Reading puts pupils
on right pageA free summer reading
By Pat Gee
program at Makaha is
making a difference
Star-BulletinIn six days, fourth-grader Kristiana Hanohano has read 38 books.
She'd rather do that than stay home and watch TV like her brother Emil used to. But ever since he started coming with her to the free reading program at Makaha Elementary School, he loves to read, too.
None of the 87 children on a recent day at the program looked bored or restless, even though they were doing schoolwork while the beach was calling. The three-week pilot program began June 19.
The enthusiasm of principal Clarence De Lude, who dreamed up the program, has infected the kids and the 30-some volunteers who help teach them.
"The first week, some of the kids looked like they didn't want to be here," but that's all changed, he says.
The library buzzed with children reading to an adult or youth tutor. The kids tracked the words with stubby fingers and sounded them out carefully.
"This is my favorite part. I love to see them run for the books" when they are allowed to choose their own, says De Lude. He is a product of Makaha Elementary School and has a personal mission to give something back to the community in which he was raised.
Hands-on leadership
Glenn Kila, principal of Kaala Elementary, who also went to Makaha, feels the same way and volunteered to help as an administrator."Because both of us 'made it,' we wanted to help the community which has been voicing for years that they wanted a stronger reading program," Kila said.

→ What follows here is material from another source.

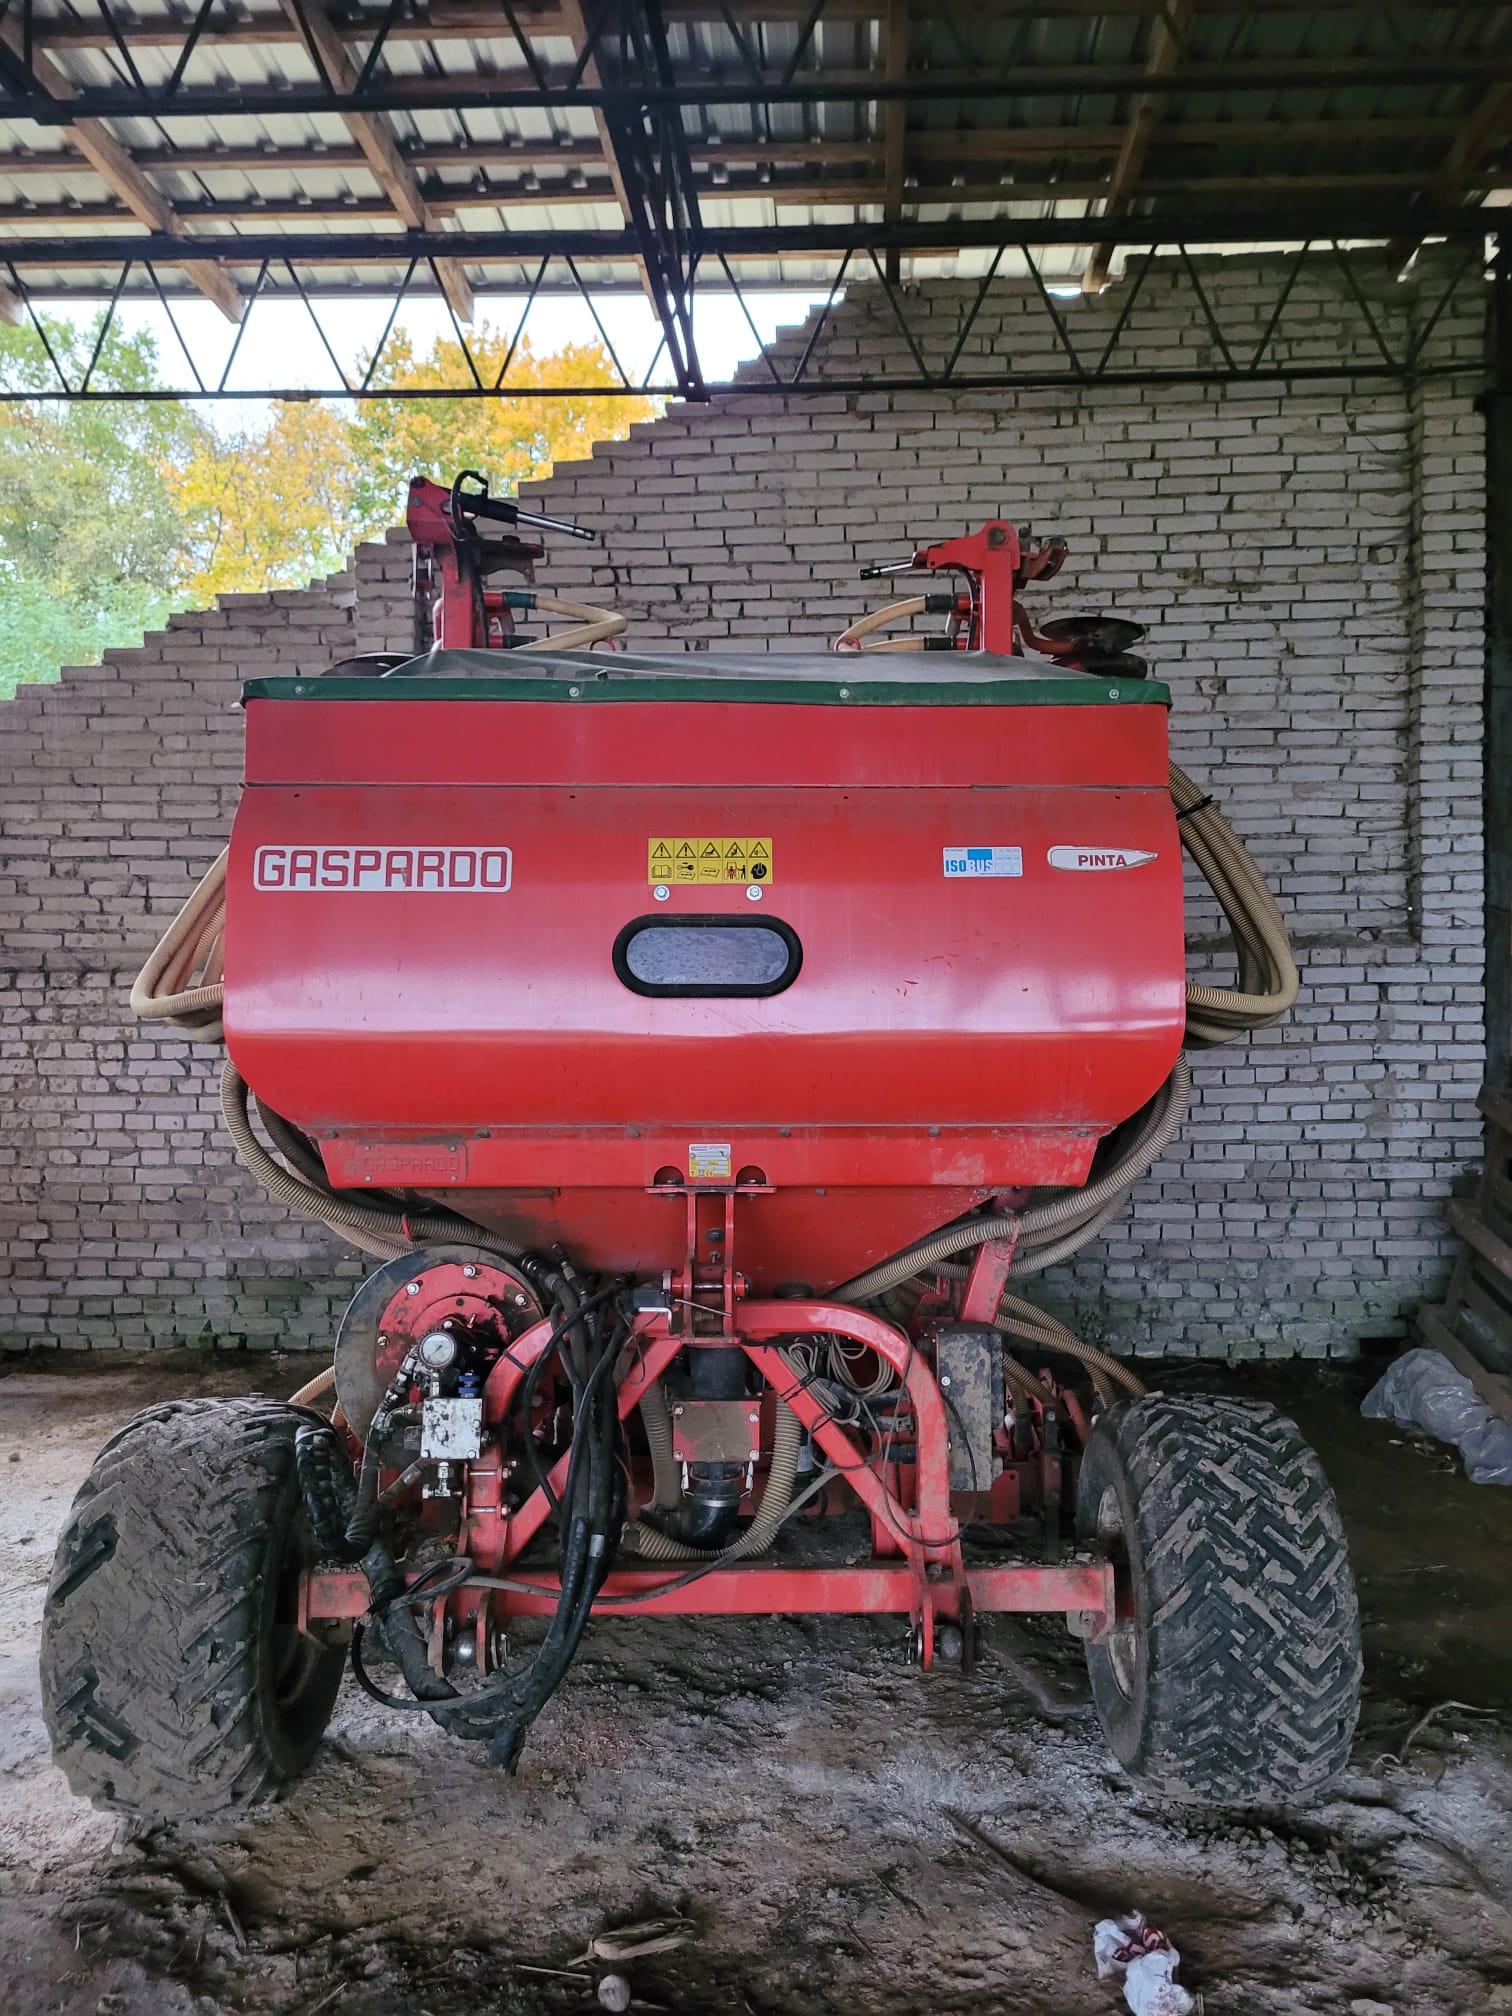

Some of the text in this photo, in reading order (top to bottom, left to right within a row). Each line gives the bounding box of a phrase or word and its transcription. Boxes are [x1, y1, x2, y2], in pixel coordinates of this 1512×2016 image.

[1078, 854, 1127, 867] PINTA
[258, 850, 507, 888] GASPARDO
[362, 1156, 460, 1172] GASPARDO

Both principals get involved with the hands-on work, hunkering down on child-sized chairs and praising frequently with a "good job!" Their goal was to have students read 1,000 books at the end of three weeks, but they surpassed that number in the first week. The students get a "double dose of pure reading with two lessons a day," then take a book home to read with their parents, he said.

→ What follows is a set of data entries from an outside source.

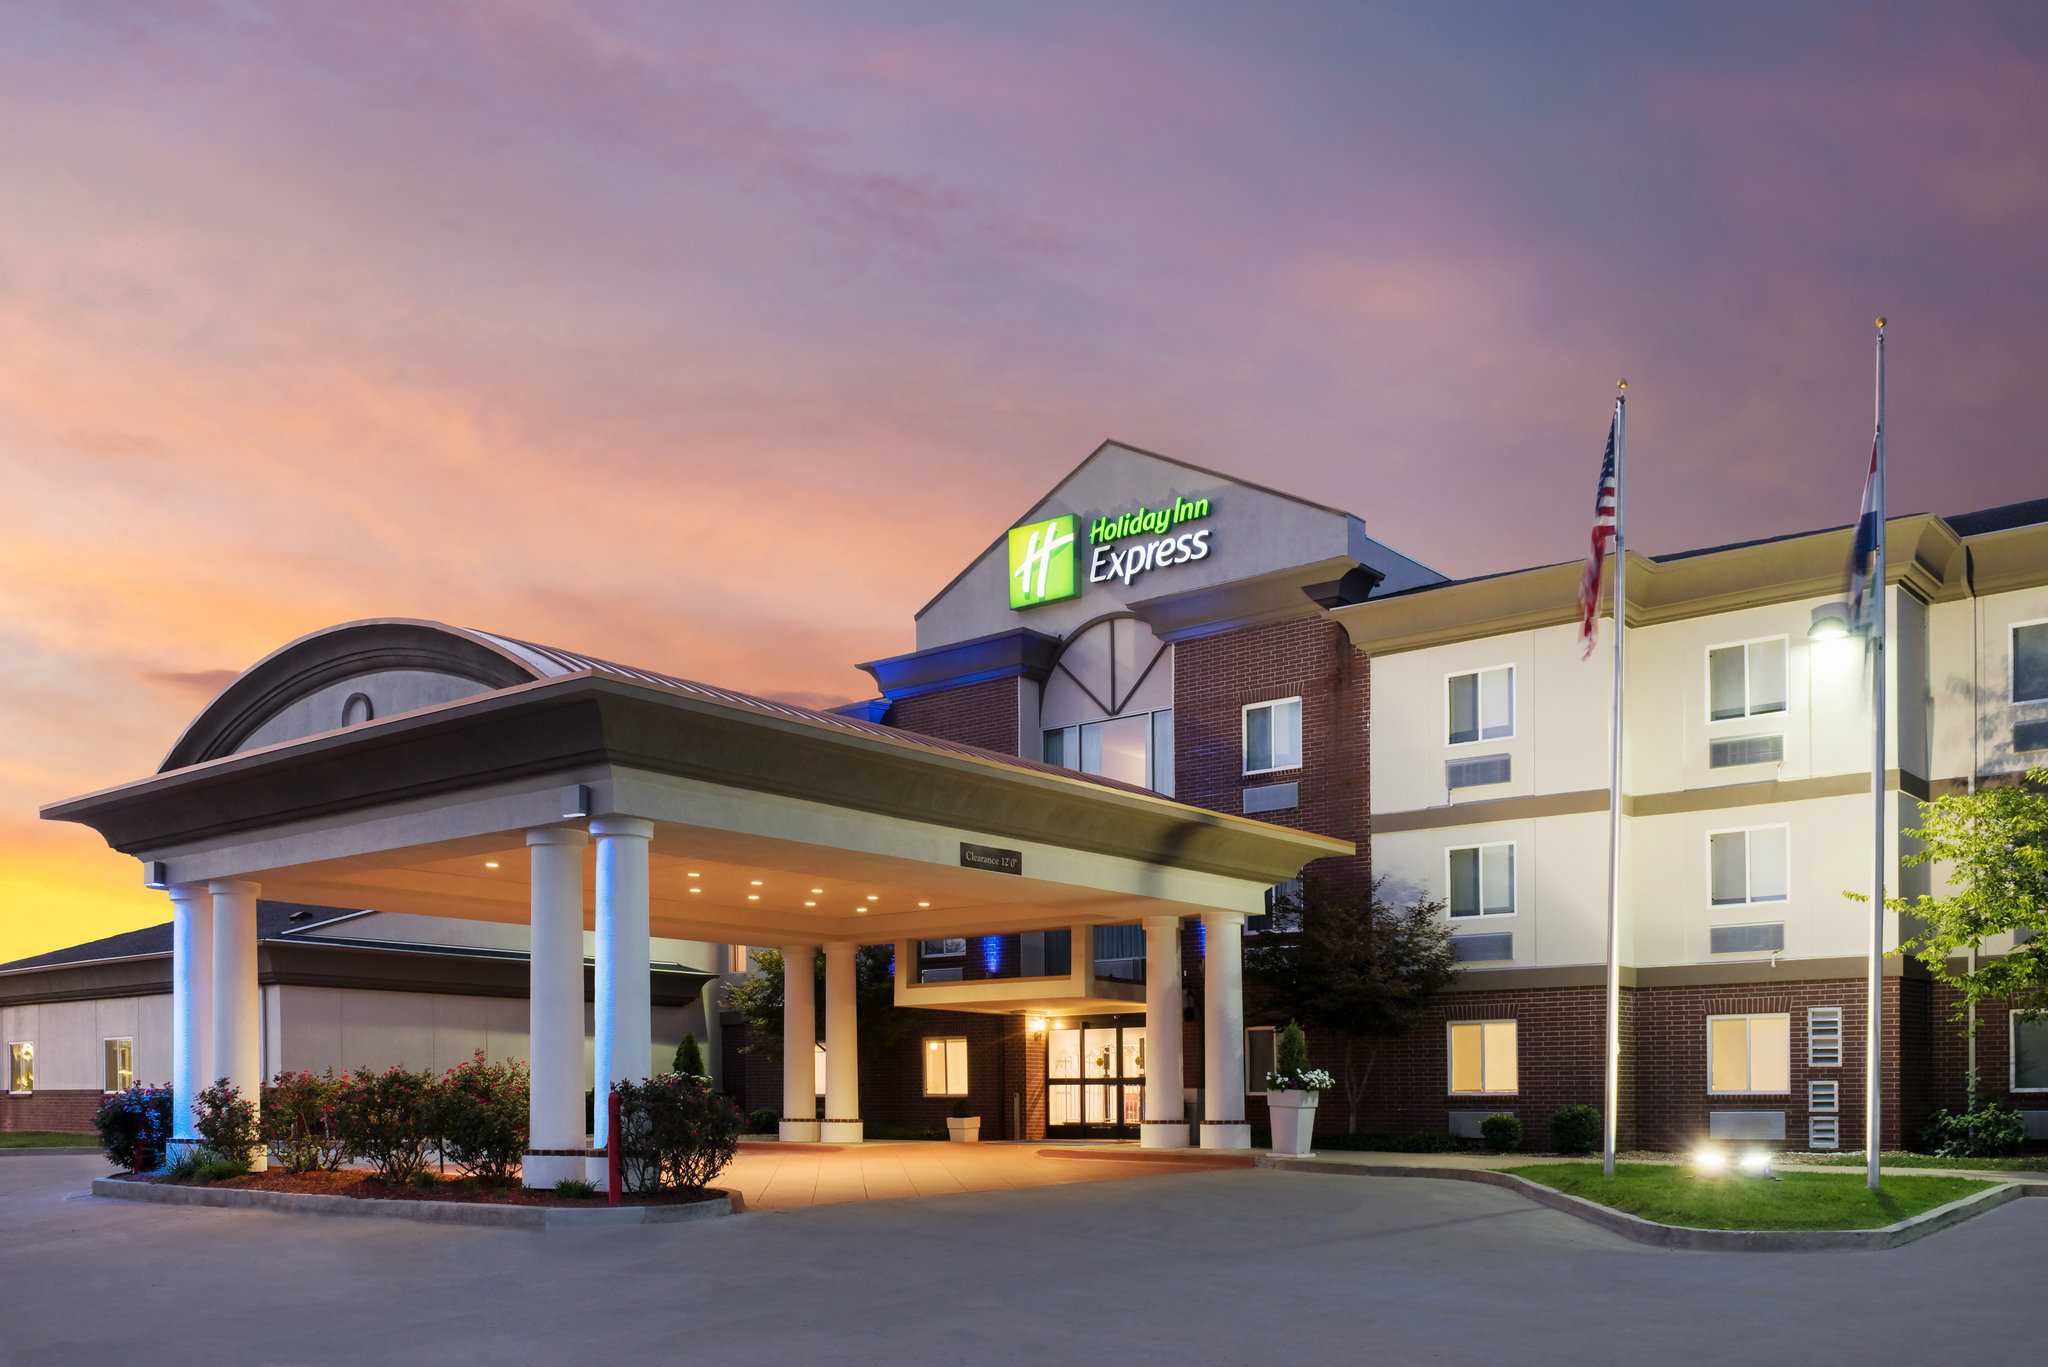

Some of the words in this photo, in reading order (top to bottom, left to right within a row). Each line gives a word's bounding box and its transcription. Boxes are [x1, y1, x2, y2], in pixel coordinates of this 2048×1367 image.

[1089, 506, 1171, 545] Holiday
[1173, 496, 1210, 524] Inn
[1015, 522, 1074, 598] H
[1089, 530, 1210, 585] Express
[966, 850, 999, 865] Clearance

The program uses a technique called "Reading Mastery," which boils down to "I (the teacher) do it, we do it, they (students) do it."
"It's a very Hawaiian way to teach. That's how we were taught hula and everything we did," De Lude says.
Makaha parents are so proud that their kids are learning to read well, that many have volunteered to help at the school. This fulfills the second goal of the program, which is to train members of the community to teach reading to the children. Volunteers had to attend a two-day training session.
Community provides support
Kila said instead of hiring others from outside the Waianae community to come in and teach the children, he and De Lude believe they should be able to develop their own experts and supply their own support system.The community readily pitched in with transportation, food, teachers and volunteers.
Without community support, the program would have cost $27,000, but it is being run on only $6,000, De Lude said.
About 95 percent of the kids involved are of Hawaiian ancestry and are in grades 1 through 6, although one or two 8th-graders have joined.
'Critical problem'
Half the group reads far below their grade level and the other half has fallen only slightly behind. Difficulty with reading is a "critical problem, you need to be able to read for survival," De Lude said.One of his goals was to build self-esteem and confidence in students who had fallen behind in their classwork because of poor reading skills. Once they've completed the summer program, "when regular school commences, you've got different children," who are performing closer to their grade level, he said.
The program has been dedicated to Phoebe Saucerman, a VISTA worker who started helping Makaha's students with their reading when she retired two years ago. She passed her love of words on to her three grown children, all of whom went to Makaha Elementary, by reading with them every day.
Now she's proud that her four grandchildren are good readers because their parents read to them, too.